Figure 3.

Induction of 1.2-kb HAC1 mRNA correlates with the UPR. (A) The ERN⁺ (KMY1105) and ern1Δ (KMY1115) strains were transformed with a vector alone (V) or a Ern1p expression plasmid (a single-copy or multicopy plasmid indicated by Cen or 2 μm, respectively). Transformants were grown at 30°C in SC(−Ura, Leu) medium to midlogarithmic phase, and aliquots were incubated for 1 h in the presence (+) or absence (−) of tunicamycin (TM). Total RNAs were extracted and analyzed by Northern blot hybridization using DNA probes specific for HAC1, KAR2, or yeast actin ACT1. Positions of the 1.4-kb and 1.2-kb HAC1 mRNAs are indicated.

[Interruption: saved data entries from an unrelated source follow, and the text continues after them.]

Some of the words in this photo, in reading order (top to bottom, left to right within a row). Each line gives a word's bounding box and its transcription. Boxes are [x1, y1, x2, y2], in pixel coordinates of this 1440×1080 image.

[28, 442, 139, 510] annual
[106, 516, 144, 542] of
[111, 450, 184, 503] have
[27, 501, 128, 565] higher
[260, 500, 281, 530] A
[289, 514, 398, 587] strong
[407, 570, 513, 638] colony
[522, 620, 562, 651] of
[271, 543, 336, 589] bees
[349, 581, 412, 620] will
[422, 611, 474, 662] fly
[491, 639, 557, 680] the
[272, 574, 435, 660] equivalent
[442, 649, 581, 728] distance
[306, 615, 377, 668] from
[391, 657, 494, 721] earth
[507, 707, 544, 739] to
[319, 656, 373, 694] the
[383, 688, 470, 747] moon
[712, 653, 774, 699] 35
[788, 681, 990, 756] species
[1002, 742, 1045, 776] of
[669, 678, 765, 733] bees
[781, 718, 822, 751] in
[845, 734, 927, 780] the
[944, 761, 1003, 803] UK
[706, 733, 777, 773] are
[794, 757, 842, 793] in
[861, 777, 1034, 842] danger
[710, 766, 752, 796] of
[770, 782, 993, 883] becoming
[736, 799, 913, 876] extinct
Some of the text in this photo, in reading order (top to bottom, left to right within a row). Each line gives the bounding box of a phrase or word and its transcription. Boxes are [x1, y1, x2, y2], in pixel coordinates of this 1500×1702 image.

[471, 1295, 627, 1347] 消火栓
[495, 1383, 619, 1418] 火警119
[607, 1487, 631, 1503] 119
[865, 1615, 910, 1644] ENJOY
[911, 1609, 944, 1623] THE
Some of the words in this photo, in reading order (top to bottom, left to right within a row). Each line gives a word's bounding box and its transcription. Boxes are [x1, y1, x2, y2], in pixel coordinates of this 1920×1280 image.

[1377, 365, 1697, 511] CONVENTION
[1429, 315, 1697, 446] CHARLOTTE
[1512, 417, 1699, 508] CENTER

In addition to these two mRNA species, tunicamycin treatment produced a faint band of 0.7 kb, that was not analyzed in this report. (B) The ERN⁺ and ern1Δ strains with the sec53 background in which the UPRE-CYC1-lacZ reporter gene had been integrated into the respective chromosome (KMY2105 and KMY2115, respectively) were grown at the permissive temperature of 23°C in SC(−Ura) medium to midlogarithmic phase, and aliquots were incubated for an additional hour at 23°C or at the seminonpermissive temperature of 30°C. Total RNAs were extracted and analyzed as in A. (C) The ERN⁺, SEC⁺ strain (KMY1105) was treated with tunicamycin at 30°C for the times indicated as in A, and RNA was similarly analyzed by Northern blot hybridization. Relative radioactivities of each band (HAC1, KAR2, and PDI1) were determined using BioImaging Analyzer BAS-2000 (Fuji Photo Film), corrected for ACT1 values, and plotted after normalization to the 0 time values.